Market Blog
Index Performance
S&P 500 Index: 1.8%
Dow Jones Industrial Average: 1.0%
Nasdaq Composite: 4.0%
Equities
US equities delivered modest returns this week, with small and midcaps firmly lower. The Nasdaq, after being down approximately 25% year to date in late March, is now up almost 18% this year and reached an all-time high Thursday.
With regard to sector performers, consumer discretionary, technology, and communication services led. Energy, real estate, healthcare, and industrials lagged this week. Large cap growth outperformed value by almost 2%.
Treasury Secretary Mnuchin stated on Thursday that Congress and the White House will look to pass another coronavirus relief bill by the end of the month. He noted that the White House supports another round of stimulus checks; however, overall details remain murky.
Dr. Anthony Fauci, the United States’ leading infectious disease expert, said on a recent podcast that states with rapidly expanding coronavirus outbreaks should seriously consider “shutting down.” These comments come after the nation’s coronavirus cases topped 3 million with daily infections in California, Texas, and Florida all hitting new record highs. How the virus affects these three populous states could play a role in our economic recovery efforts.

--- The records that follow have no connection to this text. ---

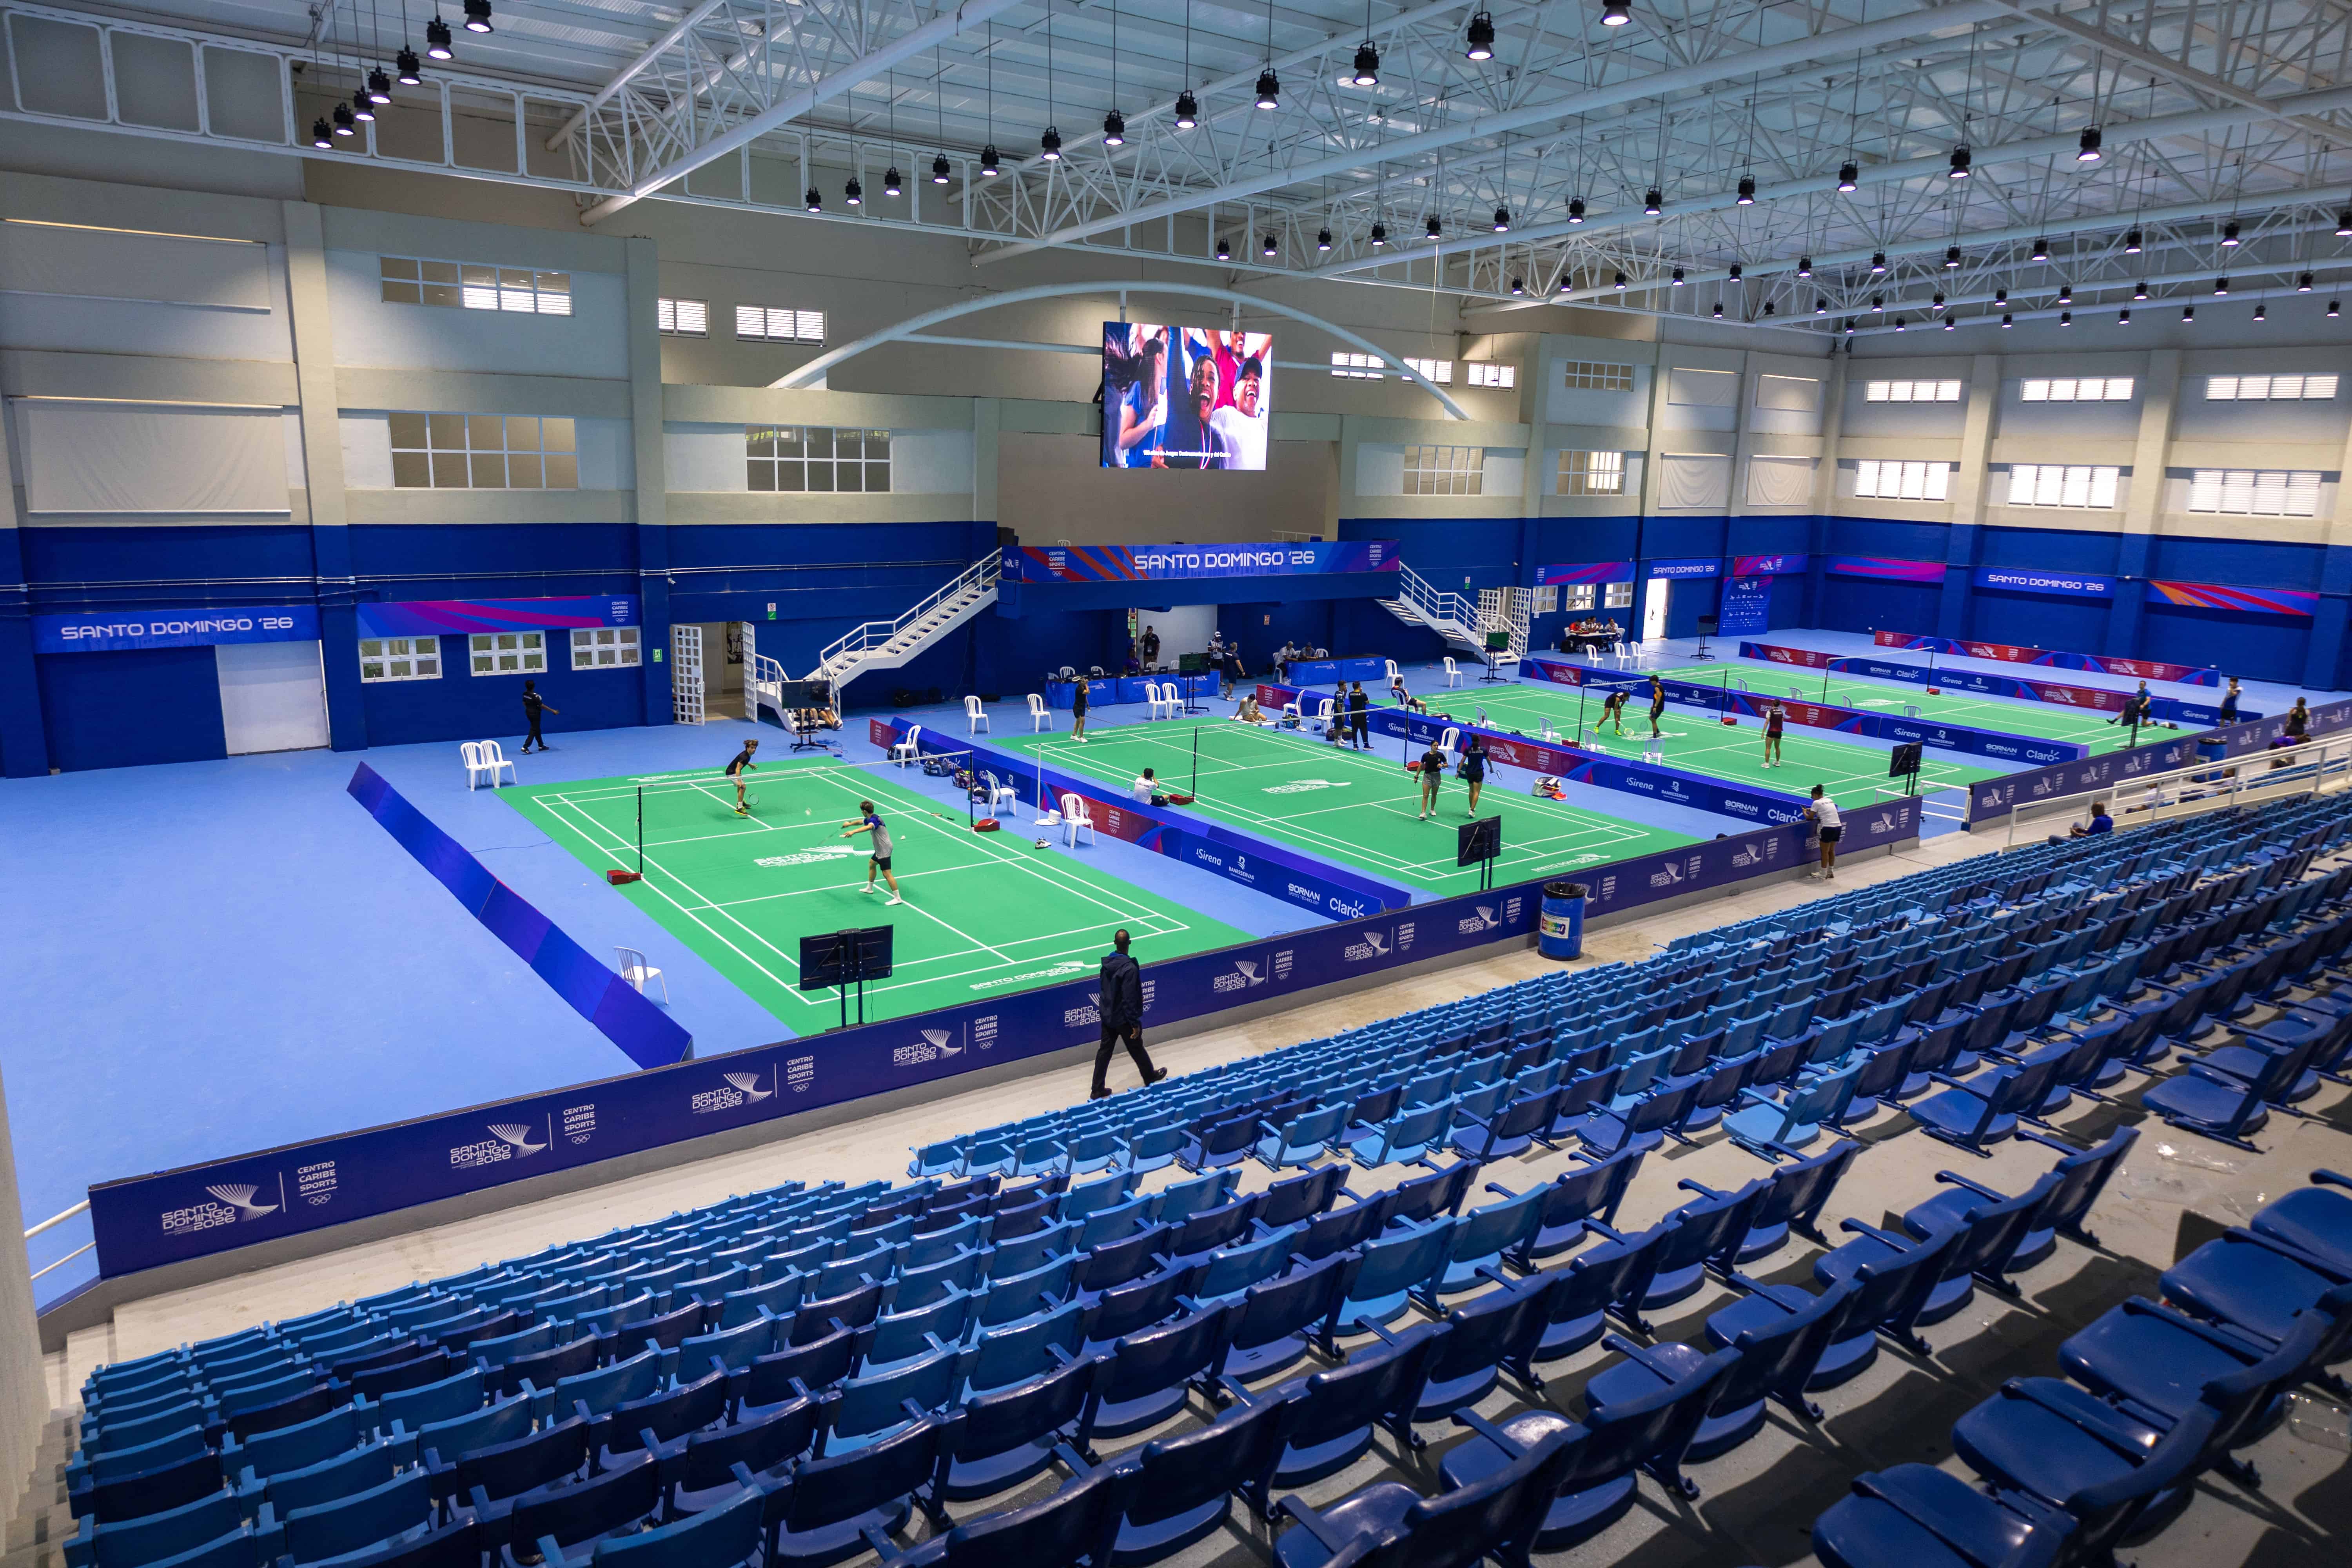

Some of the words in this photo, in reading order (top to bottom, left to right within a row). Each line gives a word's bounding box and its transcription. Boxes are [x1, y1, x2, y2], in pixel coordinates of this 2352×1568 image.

[1135, 554, 1200, 570] SANTO
[1205, 551, 1283, 567] DOMINGO
[1288, 550, 1315, 564] '26
[1988, 574, 2026, 585] SANTO
[2029, 577, 2082, 590] DOMINGO
[2084, 582, 2104, 591] '26
[61, 623, 144, 640] SANTO
[151, 618, 252, 635] DOMINGO
[258, 617, 294, 630] '26
[1896, 670, 1915, 679] Claro
[1664, 690, 1680, 698] irena
[1489, 748, 1508, 757] DOMINGO
[1985, 744, 2018, 753] BORNAN
[2026, 749, 2054, 761] Claro
[1661, 789, 1689, 800] BANRESERVAS
[1725, 800, 1758, 813] BORNAN
[1768, 809, 1798, 823] Claro
[1229, 866, 1254, 880] BANRESERVAS
[1288, 883, 1320, 902] BORNAN
[1300, 895, 1320, 906] TECHNOLOGY
[1330, 897, 1359, 918] Claro
[1459, 916, 1479, 926] SANTO
[1459, 920, 1484, 931] DOMINGO
[1345, 943, 1367, 953] SANTO
[1345, 946, 1373, 958] DOMINGO
[1275, 955, 1293, 964] CARIBE
[1356, 952, 1373, 960] 2026
[1275, 962, 1292, 970] SPORTS
[969, 977, 1013, 989] SANTO
[1014, 966, 1069, 979] DOMINGO
[1214, 972, 1239, 982] SANTO
[1214, 976, 1246, 989] DOMINGO
[1227, 982, 1246, 991] 2026
[1065, 1005, 1093, 1016] SANTO
[975, 1015, 998, 1024] CENTRO
[1080, 1015, 1101, 1025] 2026
[975, 1021, 998, 1031] CARIBE
[975, 1028, 998, 1038] SPORTS
[893, 1042, 927, 1055] SANTO
[893, 1046, 936, 1062] DOMINGO
[787, 1055, 813, 1066] CENTRO
[911, 1053, 936, 1065] 2026
[787, 1062, 813, 1073] CARIBE
[787, 1069, 814, 1081] SPORTS
[692, 1087, 731, 1102] SANTO
[692, 1091, 742, 1109] DOMINGO
[563, 1104, 595, 1116] CENTRO
[713, 1098, 742, 1111] 2026
[564, 1111, 595, 1124] CARIBE
[564, 1119, 596, 1132] SPORTS
[450, 1140, 497, 1156] SANTO
[451, 1144, 511, 1164] DOMINGO
[476, 1151, 512, 1166] 2026
[297, 1160, 336, 1175] CENTRO
[298, 1169, 336, 1183] CARIBE
[299, 1177, 337, 1192] SPORTS
[162, 1202, 218, 1222] SANTO
[163, 1206, 235, 1230] DOMINGO
[194, 1214, 236, 1231] 2026
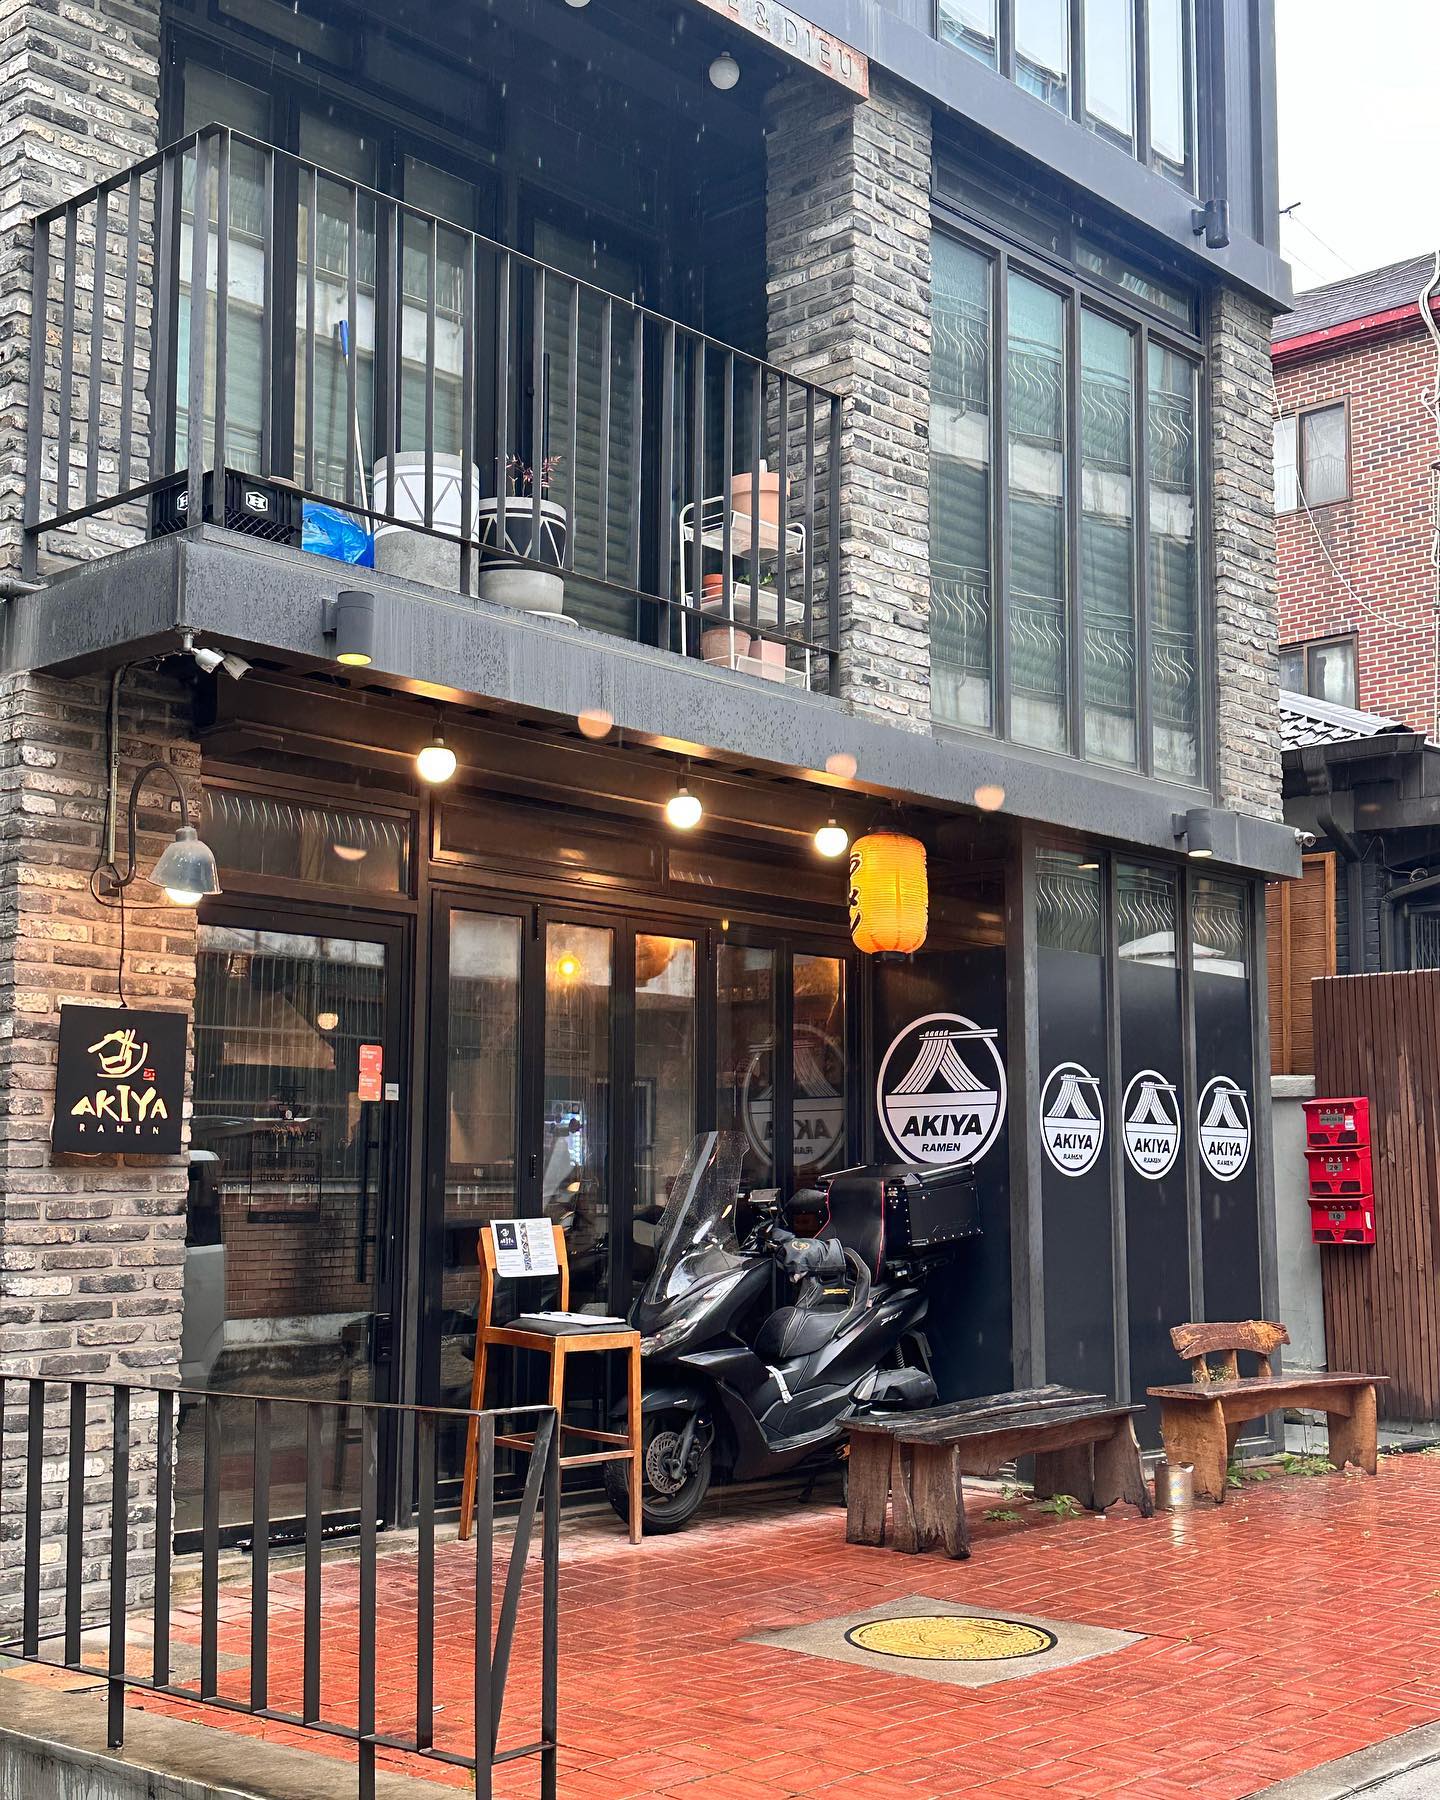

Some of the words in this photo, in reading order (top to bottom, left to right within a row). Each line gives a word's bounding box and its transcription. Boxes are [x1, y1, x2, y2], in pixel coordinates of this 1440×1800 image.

[784, 17, 852, 79] DIEU
[71, 1084, 168, 1122] AKIYA
[79, 1123, 159, 1135] RAMEN
[901, 1113, 983, 1137] AKIYA
[921, 1142, 961, 1152] RAMEN
[1053, 1133, 1093, 1150] AKIYA
[1134, 1138, 1171, 1154] AKIYA
[1208, 1141, 1242, 1157] AKIYA
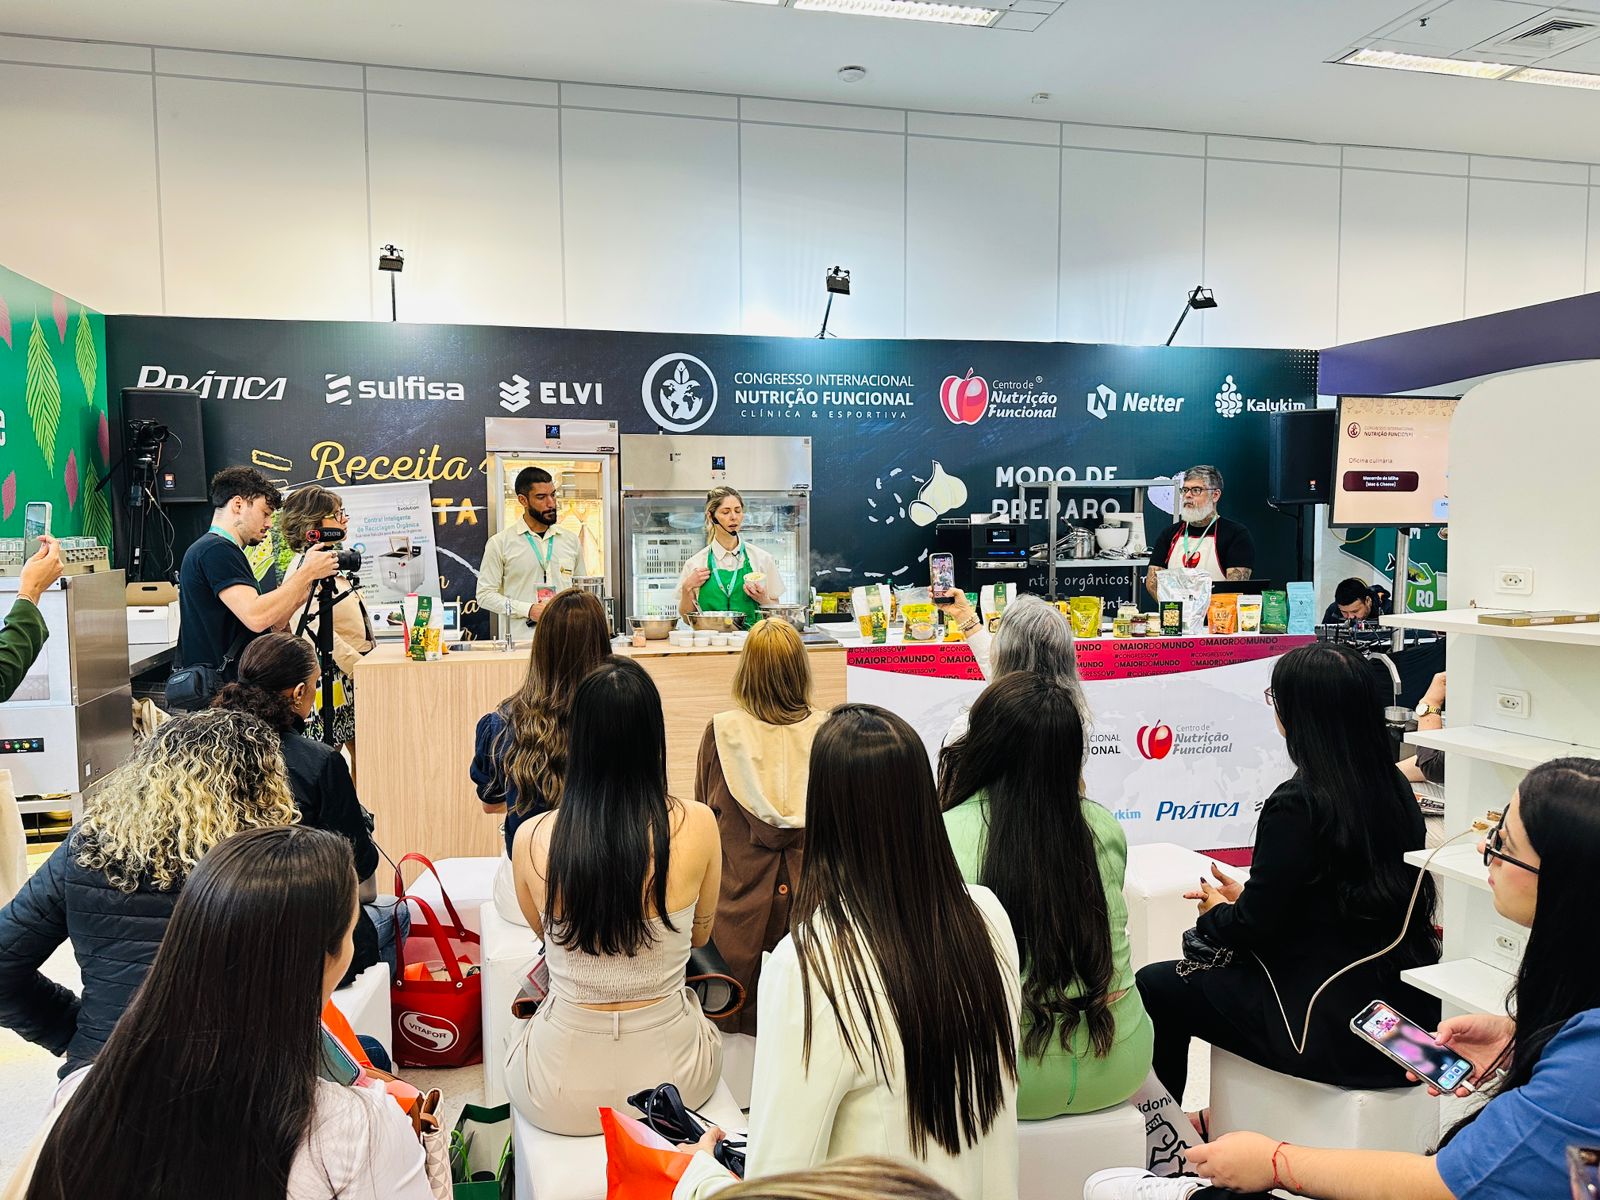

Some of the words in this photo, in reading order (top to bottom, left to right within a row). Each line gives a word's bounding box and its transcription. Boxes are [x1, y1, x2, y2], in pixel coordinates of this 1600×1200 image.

[734, 372, 813, 385] CONGRESSO
[816, 374, 915, 387] INTERNACIONAL
[992, 380, 1022, 389] Centro
[1023, 380, 1034, 389] de
[358, 375, 465, 401] sulfisa
[540, 381, 603, 405] ELVI
[735, 388, 819, 408] NUTRIÇÃO
[823, 391, 914, 406] FUNCIONAL
[990, 390, 1058, 407] Nutrição
[1122, 392, 1185, 412] Netter
[1246, 398, 1306, 412] Kalykim
[740, 409, 801, 418] CLÍNICA
[829, 410, 907, 419] ESPORTIVA
[987, 404, 1057, 418] Funcional
[310, 441, 473, 485] Receita
[995, 466, 1077, 487] MODO
[1064, 573, 1133, 592] orgânicos,
[1113, 641, 1195, 651] OMAIORDOMUNDO
[848, 655, 936, 665] OMAIORDOMUNDO
[1176, 724, 1200, 732] Centro
[1201, 723, 1211, 731] de
[1174, 732, 1229, 744] Nutrição
[1172, 743, 1233, 755] Funcional
[1156, 800, 1240, 822] PRÁTICA
[408, 1022, 447, 1039] VITAFOR

In addition to the United States’ issues with a potential second wave, various international regions, such as Hong Kong and Tokyo, reported record spikes in new infections. Moreover, Melbourne recently locked down again.
International Stocks
Both the MSCI EAFE and the MSCI Emerging Markets Indexes were higher this week, with the emerging markets index outperforming the developed markets index by almost 4%. Moreover, European markets gave back some this week, with the STOXX Europe 600 Index down over 1%.
In the wake of COVID-19 along with tensions between Beijing and Washington, China’s equities enjoyed a strong week, with the Shanghai composite up 7% for the week. A China state-controlled media article encouraging its nation’s citizens to buy Chinese equities, sparking much of the rally. There is some concern of a potential bust in Chinese equities, as what happened in 2015, especially as new traders enter the marketplace. However, margin trading, which was seen as a major culprit to 2015’s problems, is reported to be more modest now than it was then.
Fixed Income and Commodities
The Bloomberg Barclays Aggregate Bond Index returned a solid 2.9% in the second quarter of this year, its eighth consecutive quarter of gains. Economically sensitive sectors led, but most are still in negative territory year to date. The index is up slightly more than 17% over the past eight quarters, the best two-year stretch since 2010.
Filings for initial jobless claims totaled 1.31 million for the week ending July 4. This was below Bloomberg’s consensus forecast of 1.38 million and down from a revised 1.41 million for the prior week. Reported with a one-week lag, the continuing claims number declined from a revised 18.8 million to 18.1 million. Per the US Bureau of Labor Statistics, while unemployment claim filings have dropped 14 straight weeks from a peak near 7 million in late March, claims are remaining stubbornly high and is another reminder how this recovery could take years.
The August contract for West Texas Intermediate crude oil (WTI) gave back over 2% this week. Gold closed at its highest level since 2011, up over 1% for the week. Year to date, the precious metal has gained over 19%. The dollar continues to hold its own versus the euro this week.
Looking Ahead
Economic data for the week starts with the Treasury Budget on Monday. We should get a good idea of where the Federal Reserve (Fed) stands on its asset purchases. Tuesday, data on June’s Consumer Price Index (CPI) and National Federation of Independent Business Small Business Index, along with last month’s hourly earnings and workweek stats will be announced.
Wednesday could prove to be a market-moving day when the Federal Reserve’s Beige Book is announced. Moreover, data is announced concerning the trade deficit, capacity utilization, and manufacturing production.
Thursday provides investors another anticipated weekly unemployment claims report, where progress has stalled over the past couple weeks. We hope to see declines in both initial and continuing claims that would potentially signal further progress in the job market recovery even as US COVID-19 cases in have risen in recent weeks.
June’s retail sales are announced Thursday. Given May’s retail sales upside surprise and now with an increase in COVID-19 cases, June’s report should prove interesting to market participants. Friday concludes with housing starts, building permits, along with Michigan Sentiment.